BEGIN RECORDED DATA
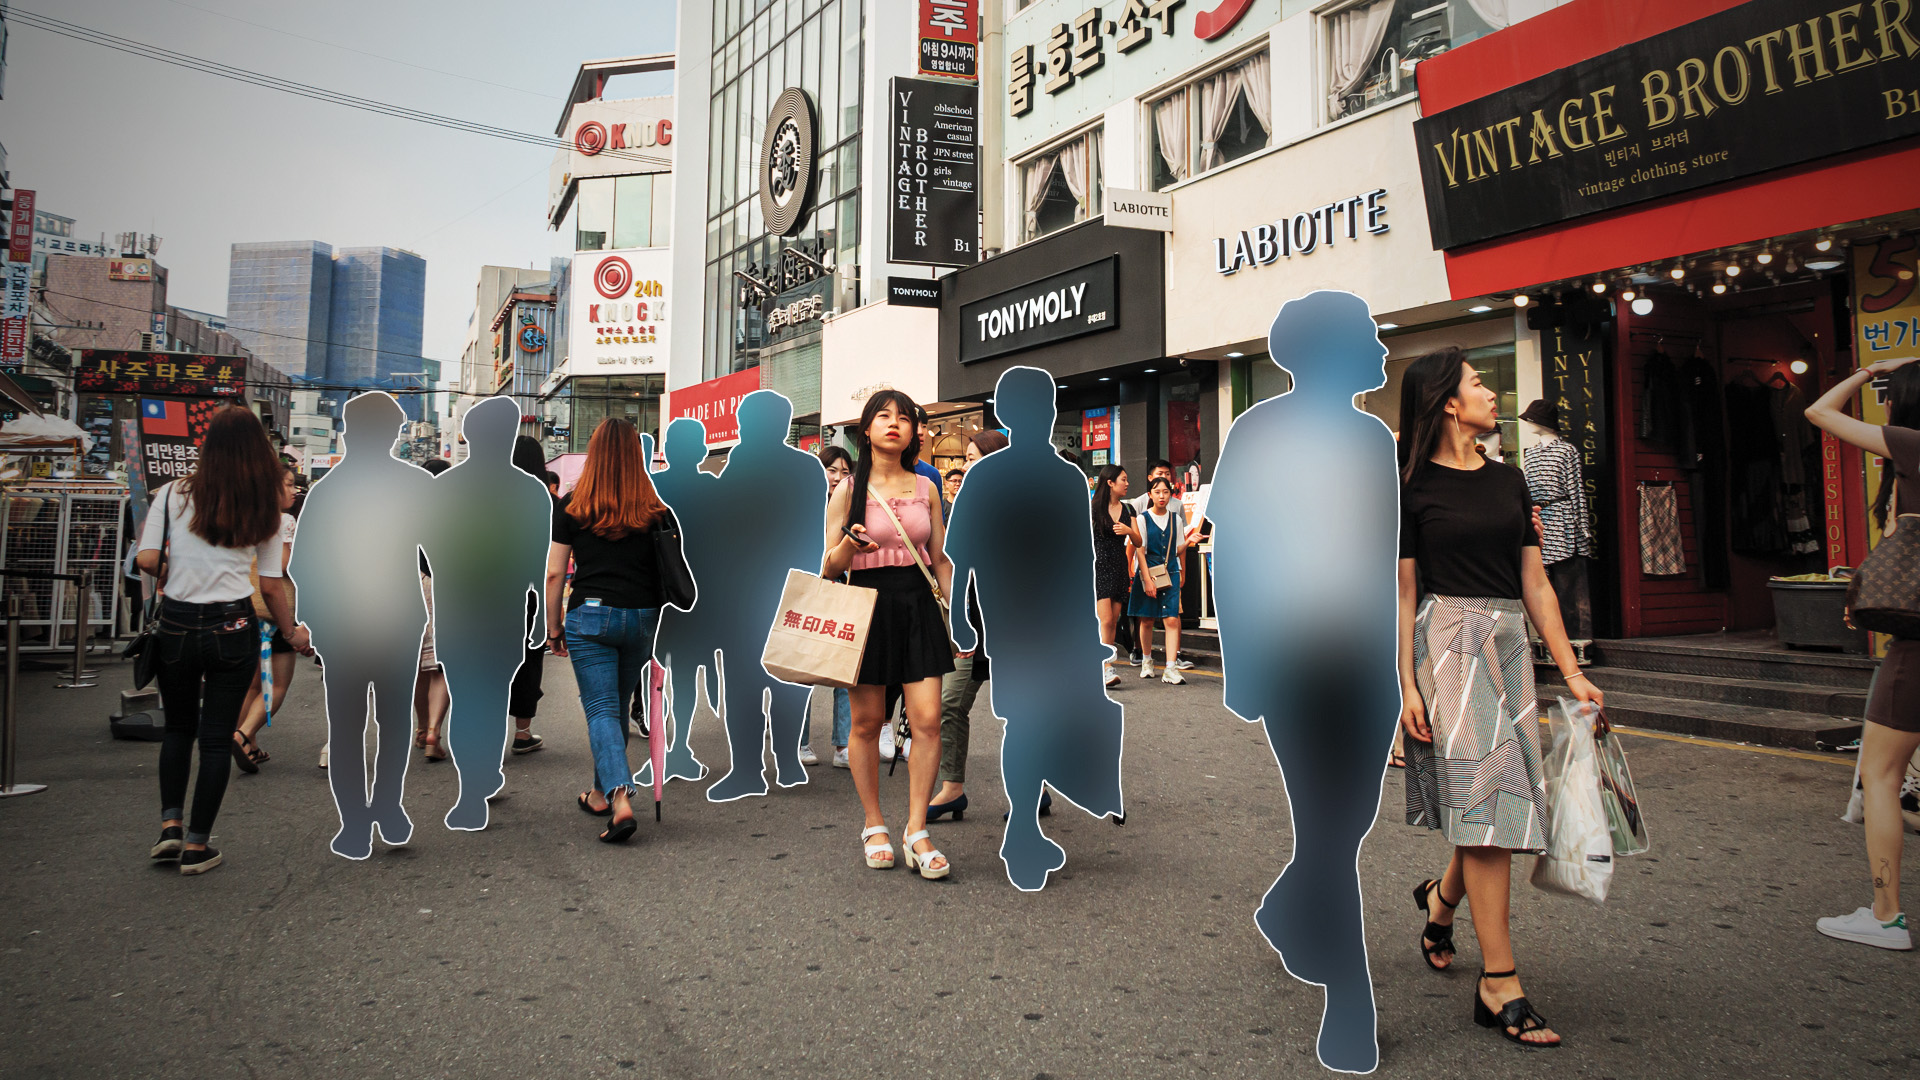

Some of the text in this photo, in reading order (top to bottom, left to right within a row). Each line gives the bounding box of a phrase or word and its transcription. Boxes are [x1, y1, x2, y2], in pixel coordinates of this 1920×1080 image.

[931, 59, 965, 73] 영업합니다
[1434, 0, 1920, 188] VINTAGE BROTHER
[1881, 88, 1920, 120] B1
[933, 120, 973, 133] American
[946, 133, 972, 142] casual
[897, 91, 913, 211] VINTAGE
[933, 147, 974, 160] JPN street
[1604, 128, 1689, 168] 빈티지 브라더
[933, 166, 952, 176] girls
[1578, 149, 1729, 197] vintage clothing store
[914, 128, 928, 247] BROTHER
[942, 177, 973, 190] vintage
[1113, 201, 1169, 218] LABIOTTE
[1212, 188, 1391, 276] LABIOTTE
[954, 238, 971, 252] B1
[634, 279, 663, 298] 24h
[892, 286, 938, 298] TONYMOLY
[589, 301, 665, 323] KNOCK
[977, 282, 1087, 342] TONYMOLY
[96, 359, 207, 384] 사주타로
[714, 399, 725, 418] IN
[782, 610, 856, 642] 無印良品
END RECORDED DATA
WHAT IS REQUIRED →
Every entry above is to be set down exactly; the pictures are to be left out.

THE COMPLETED TASK →
Some of the text in this photo, in reading order (top to bottom, left to right within a row). Each line gives the bounding box of a phrase or word and its transcription. Boxes are [x1, y1, x2, y2], in pixel coordinates of this 1920×1080 image.

[931, 59, 965, 73] 영업합니다
[1434, 0, 1920, 188] VINTAGE BROTHER
[1881, 88, 1920, 120] B1
[933, 120, 973, 133] American
[946, 133, 972, 142] casual
[897, 91, 913, 211] VINTAGE
[933, 147, 974, 160] JPN street
[1604, 128, 1689, 168] 빈티지 브라더
[933, 166, 952, 176] girls
[1578, 149, 1729, 197] vintage clothing store
[914, 128, 928, 247] BROTHER
[942, 177, 973, 190] vintage
[1113, 201, 1169, 218] LABIOTTE
[1212, 188, 1391, 276] LABIOTTE
[954, 238, 971, 252] B1
[634, 279, 663, 298] 24h
[892, 286, 938, 298] TONYMOLY
[589, 301, 665, 323] KNOCK
[977, 282, 1087, 342] TONYMOLY
[96, 359, 207, 384] 사주타로
[714, 399, 725, 418] IN
[782, 610, 856, 642] 無印良品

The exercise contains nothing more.